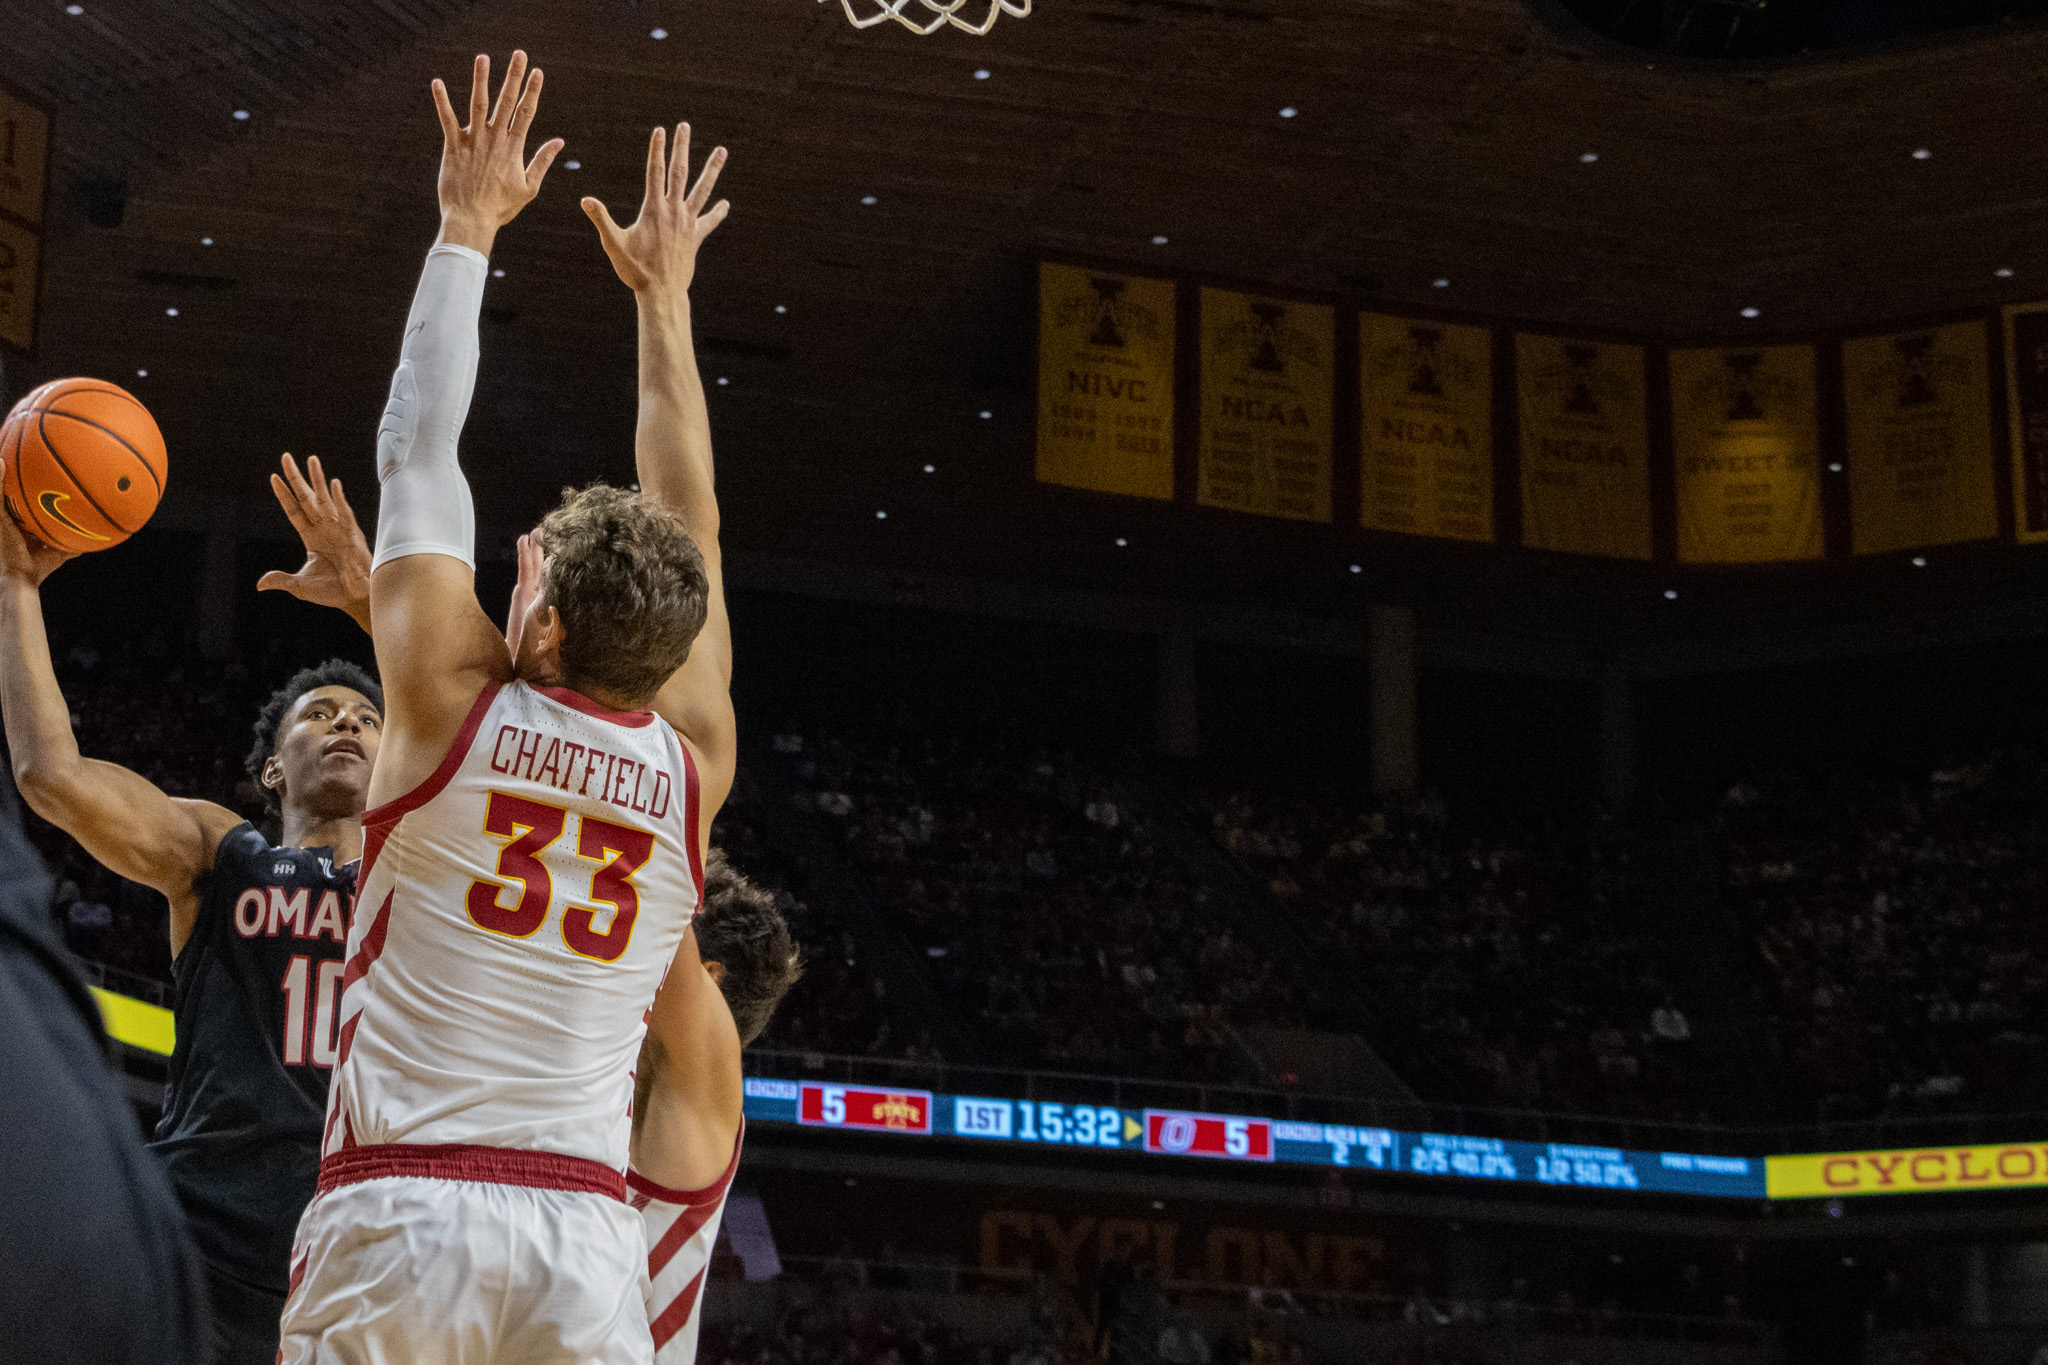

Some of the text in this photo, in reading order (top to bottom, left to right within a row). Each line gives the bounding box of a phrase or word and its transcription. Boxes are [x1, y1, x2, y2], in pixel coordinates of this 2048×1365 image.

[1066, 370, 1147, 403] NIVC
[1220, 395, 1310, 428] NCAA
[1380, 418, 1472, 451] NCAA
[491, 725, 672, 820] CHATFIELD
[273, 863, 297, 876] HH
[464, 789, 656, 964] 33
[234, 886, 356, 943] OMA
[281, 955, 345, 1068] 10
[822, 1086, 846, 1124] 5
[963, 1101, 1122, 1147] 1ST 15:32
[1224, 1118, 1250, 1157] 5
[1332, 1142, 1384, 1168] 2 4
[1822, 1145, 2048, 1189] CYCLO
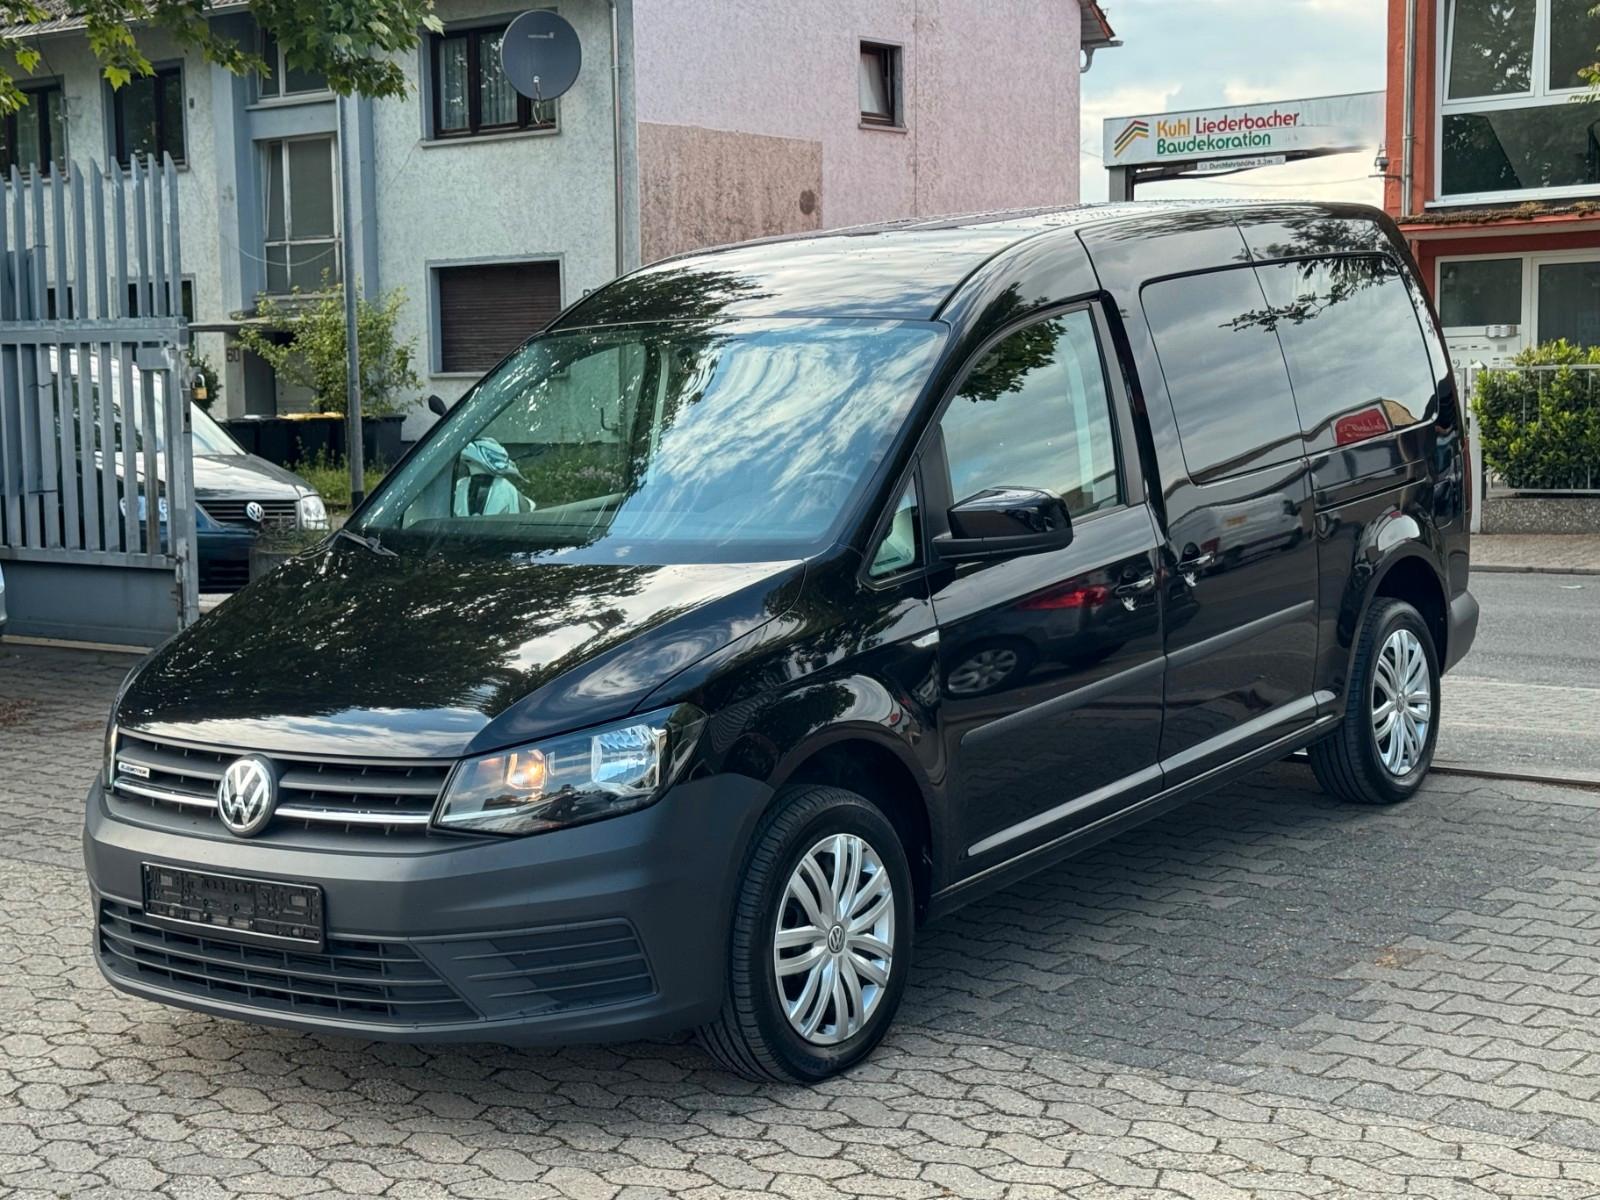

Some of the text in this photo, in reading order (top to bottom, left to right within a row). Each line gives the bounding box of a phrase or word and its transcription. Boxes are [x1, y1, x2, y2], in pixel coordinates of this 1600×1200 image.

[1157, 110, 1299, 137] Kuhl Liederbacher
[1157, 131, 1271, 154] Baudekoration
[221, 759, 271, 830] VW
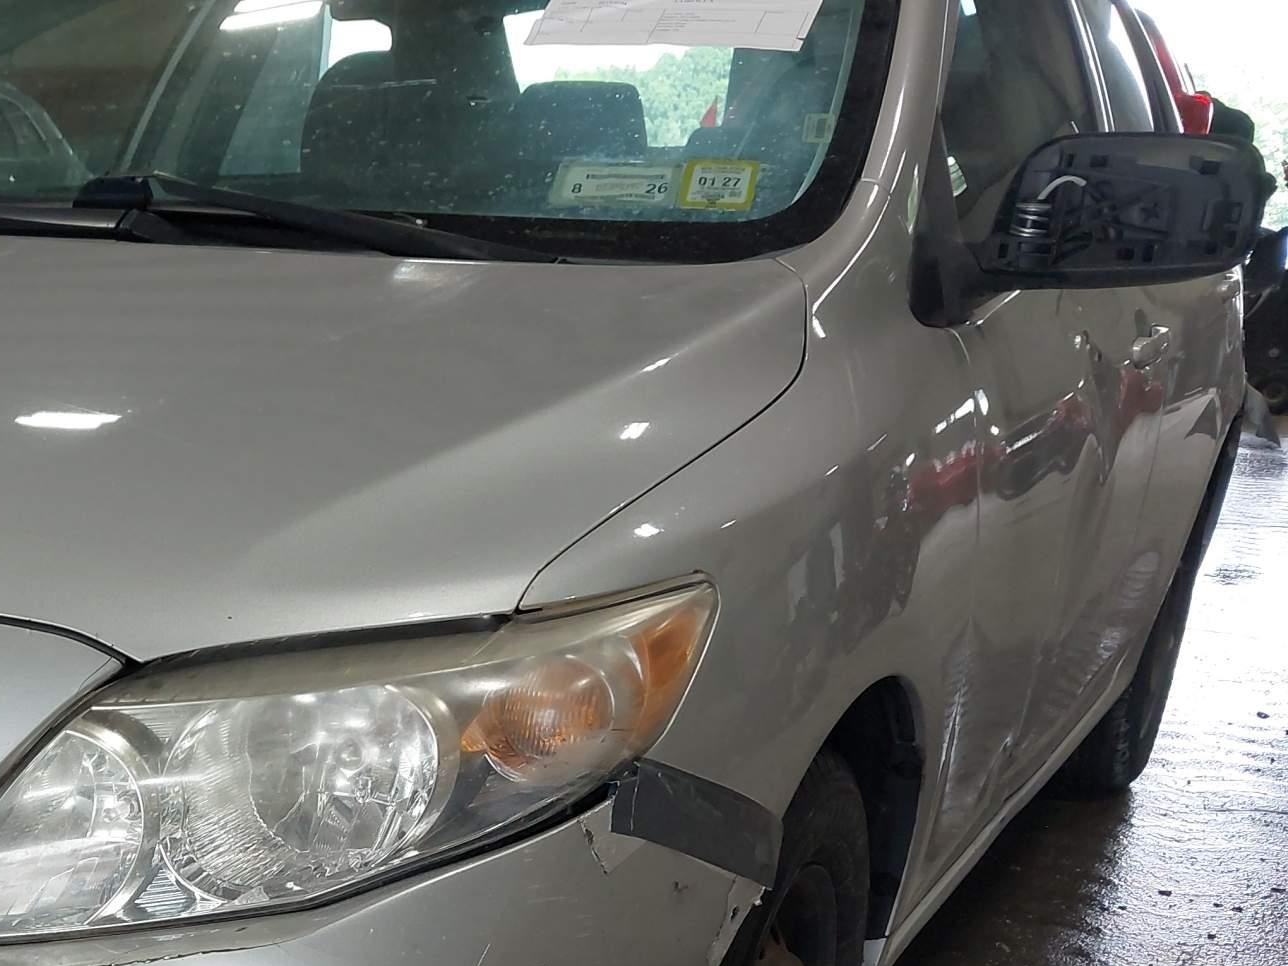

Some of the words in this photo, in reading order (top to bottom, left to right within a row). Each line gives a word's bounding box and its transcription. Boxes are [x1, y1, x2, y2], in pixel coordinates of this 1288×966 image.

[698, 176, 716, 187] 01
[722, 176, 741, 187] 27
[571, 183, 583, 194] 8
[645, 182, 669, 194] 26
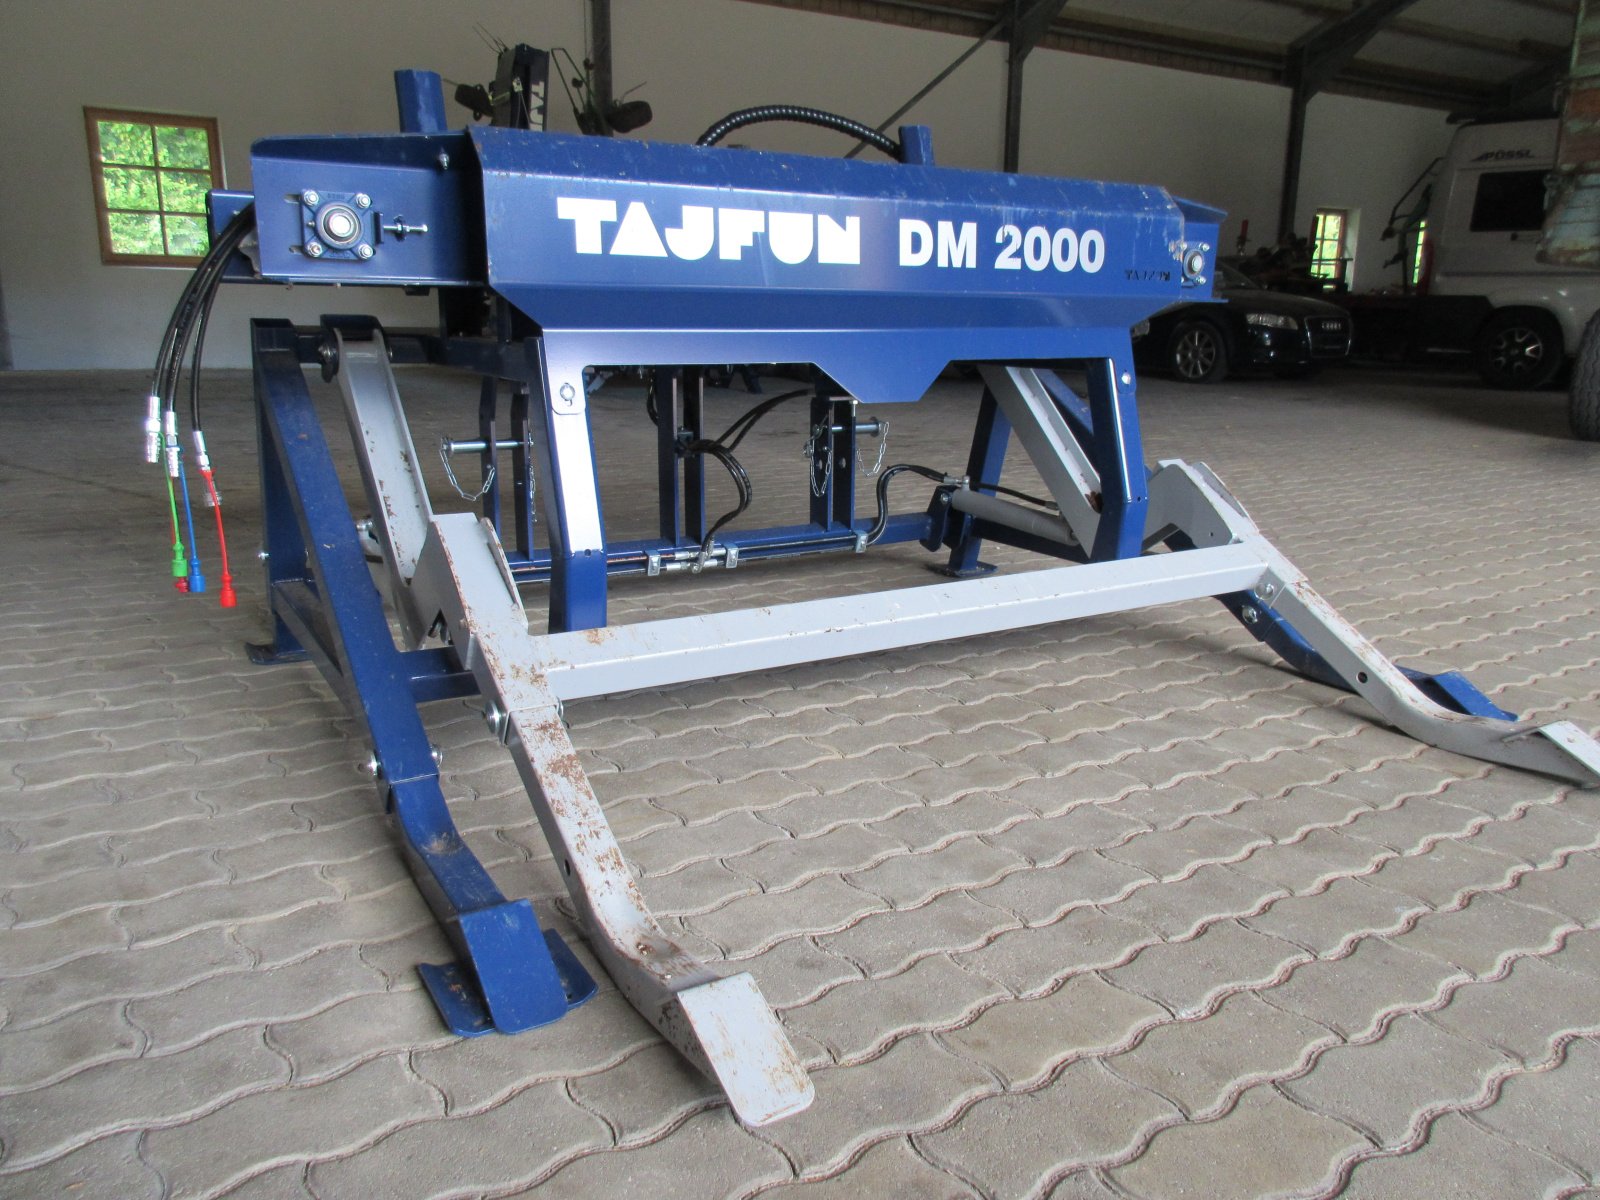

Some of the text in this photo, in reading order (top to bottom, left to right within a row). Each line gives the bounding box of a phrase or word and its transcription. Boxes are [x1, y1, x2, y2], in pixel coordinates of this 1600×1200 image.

→ **Your assignment**
What I need is every record written out exactly, minus the pictures.

→ **Output below**
Some of the text in this photo, in reading order (top to bottom, left to right within a row). Each line gives the bounding box of a phrase or word and its transcription. Boxes are [x1, y1, x2, y2], in pixel coordinates of this 2048×1365 image.

[1066, 370, 1147, 403] NIVC
[1220, 395, 1310, 428] NCAA
[1380, 418, 1472, 451] NCAA
[491, 725, 672, 820] CHATFIELD
[273, 863, 297, 876] HH
[464, 789, 656, 964] 33
[234, 886, 356, 943] OMA
[281, 955, 345, 1068] 10
[822, 1086, 846, 1124] 5
[963, 1101, 1122, 1147] 1ST 15:32
[1224, 1118, 1250, 1157] 5
[1332, 1142, 1384, 1168] 2 4
[1822, 1145, 2048, 1189] CYCLO

Some of the text in this photo, in reading order (top to bottom, left to right within a row). Each line gives the bounding box of a phrase or word and its transcription. Boxes are [x1, y1, x2, y2], in pixel coordinates of this 1600×1200 image.

[1157, 110, 1299, 137] Kuhl Liederbacher
[1157, 131, 1271, 154] Baudekoration
[221, 759, 271, 830] VW

Some of the words in this photo, in reading order (top to bottom, left to right within a row). Each line gives a word's bounding box and its transcription. Boxes are [x1, y1, x2, y2], in pixel coordinates of this 1288×966 image.

[698, 176, 716, 187] 01
[722, 176, 741, 187] 27
[571, 183, 583, 194] 8
[645, 182, 669, 194] 26

Some of the text in this photo, in reading order (top to bottom, left to right within a row). Each line gives the bounding box of a phrase or word and its transcription. Boxes are [x1, y1, x2, y2], in pixel coordinates of this 1600×1200 image.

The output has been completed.